BEGIN EXERCISE INPUT

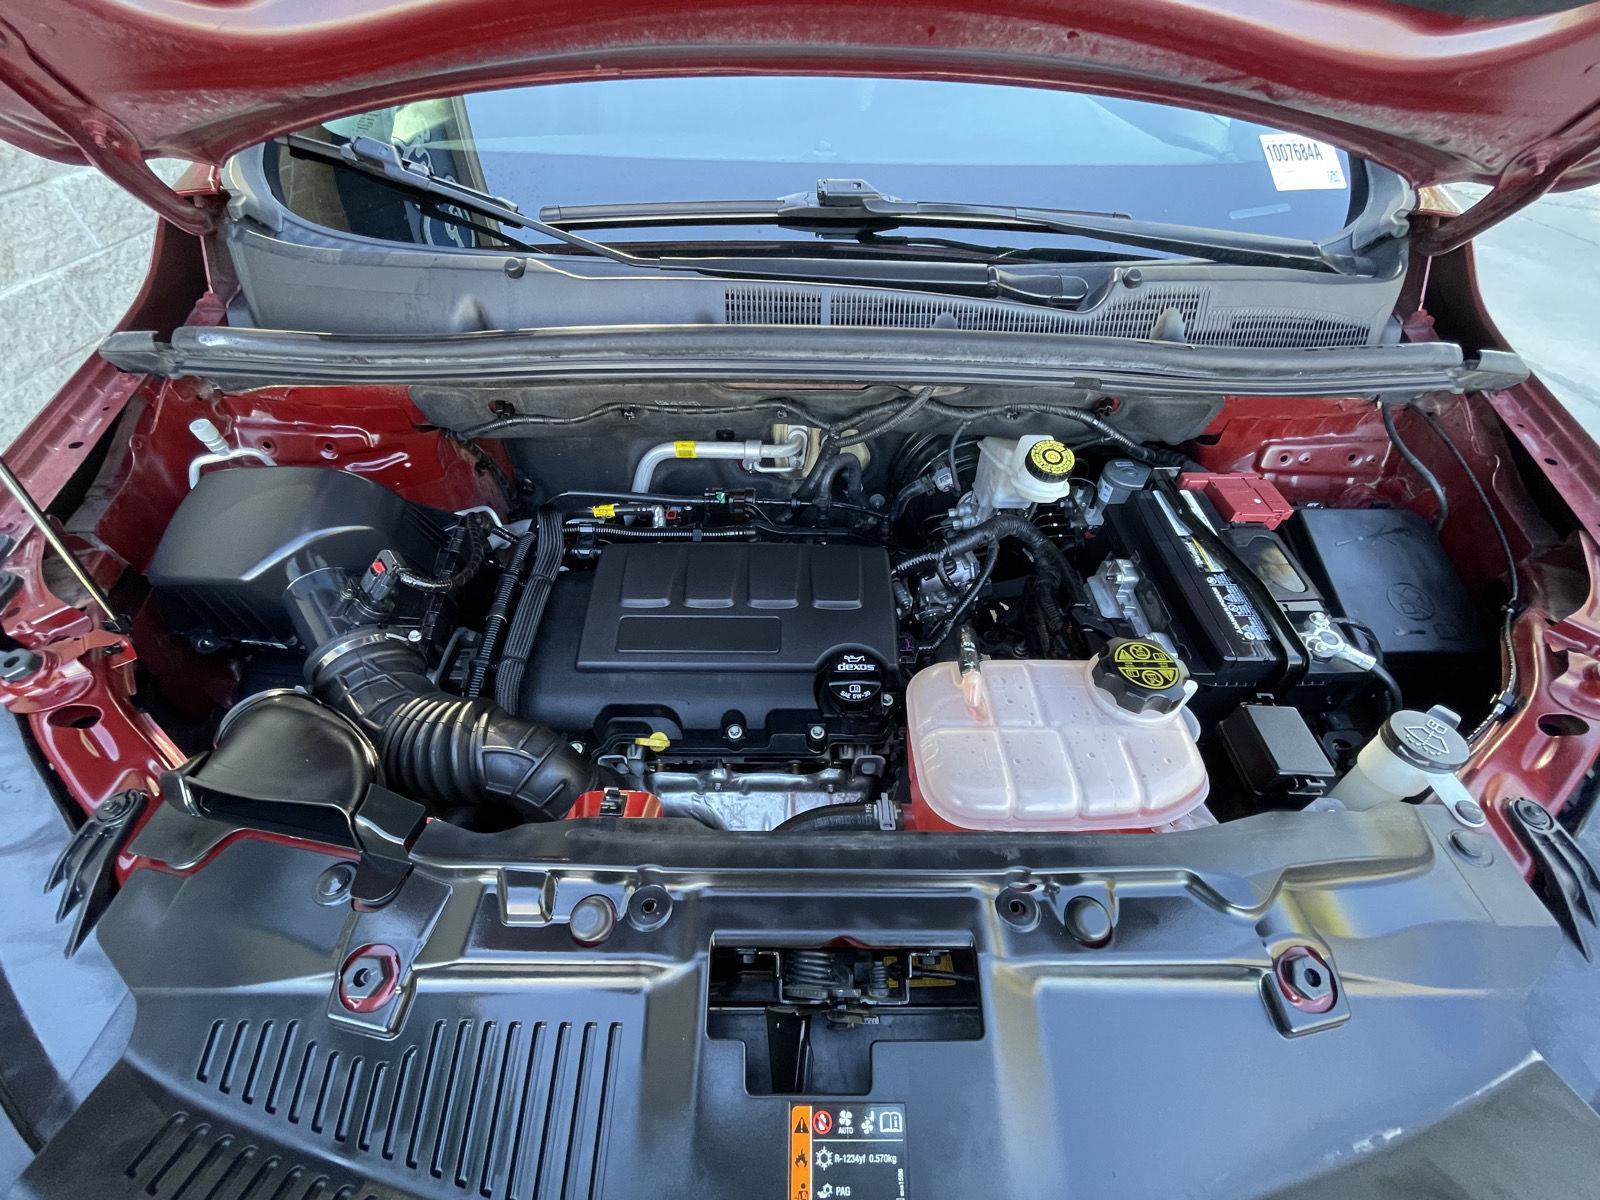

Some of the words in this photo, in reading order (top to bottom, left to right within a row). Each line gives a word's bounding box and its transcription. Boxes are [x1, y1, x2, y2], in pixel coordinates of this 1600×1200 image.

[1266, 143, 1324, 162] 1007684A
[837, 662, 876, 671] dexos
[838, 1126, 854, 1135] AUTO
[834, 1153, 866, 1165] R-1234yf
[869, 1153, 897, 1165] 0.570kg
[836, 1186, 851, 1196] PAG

END EXERCISE INPUT

### DIRECTIONS FOR THIS TASK
Only the words belong in your copy: restate the data above exactly and leave the images out.

### SOLUTION FOR THIS TASK
Some of the words in this photo, in reading order (top to bottom, left to right within a row). Each line gives a word's bounding box and its transcription. Boxes are [x1, y1, x2, y2], in pixel coordinates of this 1600×1200 image.

[1266, 143, 1324, 162] 1007684A
[837, 662, 876, 671] dexos
[838, 1126, 854, 1135] AUTO
[834, 1153, 866, 1165] R-1234yf
[869, 1153, 897, 1165] 0.570kg
[836, 1186, 851, 1196] PAG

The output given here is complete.